In addition, an interrupt handling function is registered in the operating system of the host 20 as part of the initialization process of the drive 22 prior to the allocation of buffer resources during the initialization process of the drive 22 as described in steps 210 and 220. Unlike interrupt processing in the prior art, only one interrupt is required in the present invention to inform the driver of the host 20 that device data has been written to the allocated receive buffer, as described in more detail below.

In the present invention, the above-mentioned receive buffer and transmit buffer are both valid during the lifetime of the driver, and thus, before the host 20 performs the driver release (i.e., releases the resources allocated by the driver), both the EPA device 10 and the host 20 can continuously transmit the device data and the host data using the pre-allocated transmit buffer and receive buffer without performing a complicated interrupt and resource allocation procedure before each data transmission. In addition, according to the EPA bus specification, the size of data transferred in the EPA system is smaller than one memory page, and thus such pre-allocated transmit and receive buffers can satisfy the transfer of device data and host data between EPA systems.

As shown in fig. 2, at step 230, before the driver 22 performs the drive release, the driver 22 of the host 20 reads device data from the EPA device 10 from the receive buffer to which the EPA device 10 writes based on the first PCIe bus address.

Specifically, for example, when the user module 18 of the EPA device 10 receives a new EPA message, the user module 18 may parse out from the EPA message the valid data (i.e., device data) that needs to be transmitted to the host 20, and deliver it to the sending engine 12 of the EPA device 10. The sending engine 12 may construct a memory write request message based on the device data, where a header of the message indicates that a destination address of the message is the first PCIe bus address, and the valid data is the device data. Here, the memory write request packet may be a TLP constructed according to the PCIe bus protocol and including a header, valid data, and a check portion (e.g., a Cyclic Redundancy Check (CRC)). According to the PCIe bus protocol, a TLP may be transmitted between the transaction layer at the sender (here EPA device 10) and the transaction layer at the receiver (here host 20).

The transmit engine 12 executes the memory write request message to write the device data to the receive buffer over the PCIe bus 30.

After writing the device data into the receive buffer, the transmit engine 12 may also send an interrupt notification to the host 20, for example, according to interrupt register information in the PCIe interface configuration space module 16, to indicate to the host 20 that new device data exists.

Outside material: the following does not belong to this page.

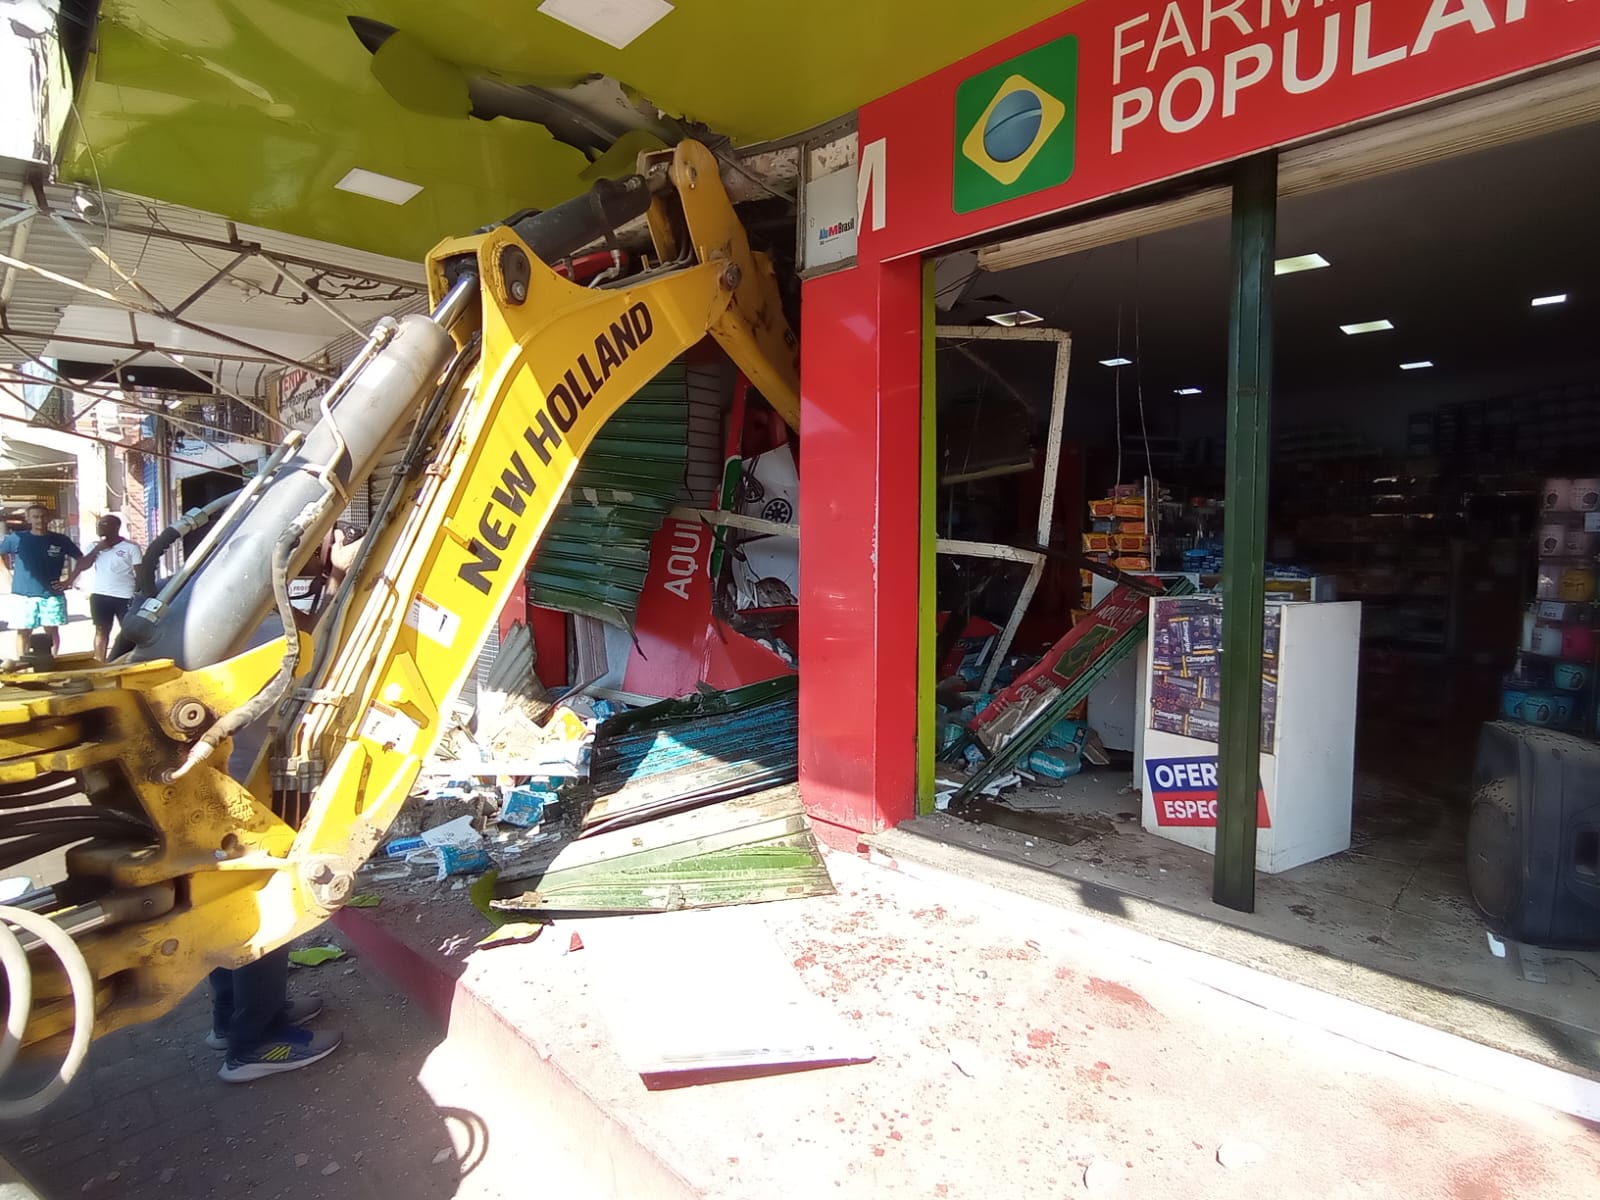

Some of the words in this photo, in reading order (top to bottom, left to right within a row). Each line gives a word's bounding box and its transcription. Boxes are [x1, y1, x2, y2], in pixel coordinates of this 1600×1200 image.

[457, 450, 537, 596] NEW
[523, 301, 653, 466] HOLLAND
[664, 522, 702, 600] AQUI
[1155, 763, 1218, 788] OFER

From the perspective of the host 20, after the device data is written to the receive buffer, a notification of an interrupt handling function of the operating system is received, and the device data is read from the receive buffer in response to receiving the notification of the interrupt handling function.

Here, the notification of the interrupt handling function of the operating system may be triggered by an interrupt notification sent by the sending engine 12 to the host 20 as described above, and the reading of the device data from the receive buffer may be performed by the user program module 26 of the host 20. Reading the device data from the receive buffer by the user program module 26 includes copying the data content (i.e., the device data) in the receive buffer to the user program module 26.

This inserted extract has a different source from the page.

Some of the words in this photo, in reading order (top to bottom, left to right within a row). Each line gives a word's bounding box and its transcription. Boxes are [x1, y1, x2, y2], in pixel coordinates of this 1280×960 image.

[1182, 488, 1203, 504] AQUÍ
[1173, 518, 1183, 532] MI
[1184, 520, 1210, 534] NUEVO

However, if EPA device 10 has performed another memory write request to the receive buffer of host 20 before copying the data content in the receive buffer to user program module 26 (i.e. not copied to user program module 26 in time), different operations may be performed at host 20 depending on whether the receive buffer contains one or more receive memory pages.

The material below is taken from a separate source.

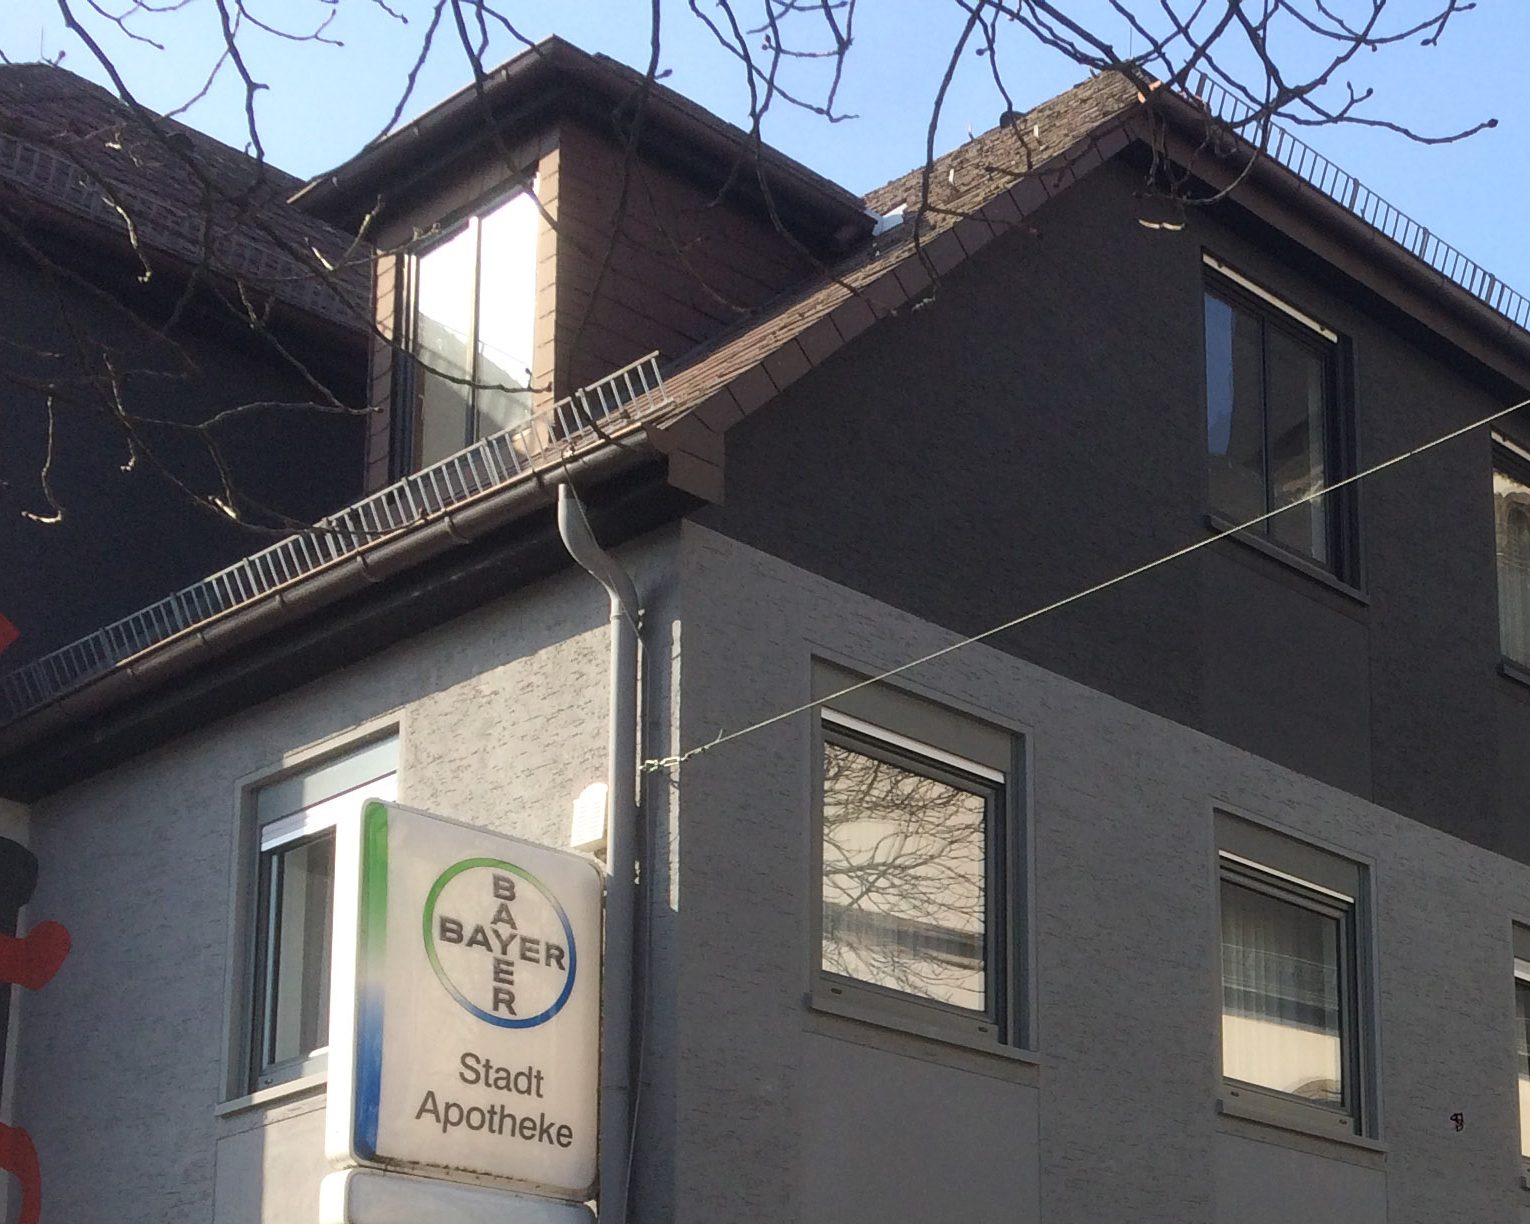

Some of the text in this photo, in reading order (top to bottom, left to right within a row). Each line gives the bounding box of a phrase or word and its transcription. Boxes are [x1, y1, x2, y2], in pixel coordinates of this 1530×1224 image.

[438, 914, 566, 971] BAYER
[490, 872, 517, 1016] BAYER
[458, 1051, 544, 1099] Stadt
[415, 1089, 574, 1149] Apotheke

In some embodiments, the receive buffer comprises one receive memory page. In this case, there is only one first PCIe bus address corresponding to the receive buffer, and therefore the EPA device 10 may continue to construct and execute the memory write request message with the first PCIe bus address as the destination address to write different device data.

If the host 20 does not receive another device data from the EPA device 10 before reading the device data in the received memory page, the host 20 may read the device data directly from the receive buffer.

If host 20 receives another device data from EPA device 10 before reading the device data in the received memory page, host 20 will read the other device data from the receive buffer. That is, the device data in the reception buffer is overwritten by another device data newly written by the EPA device 10, so that the host 20 reads the newly written another device data and cannot read the overwritten device data. According to the characteristics of the EPA protocol, the data transmitted in the EPA system has higher real-time performance, so the other device data may be more real-time data, and the use of only one receiving memory page may be allowed.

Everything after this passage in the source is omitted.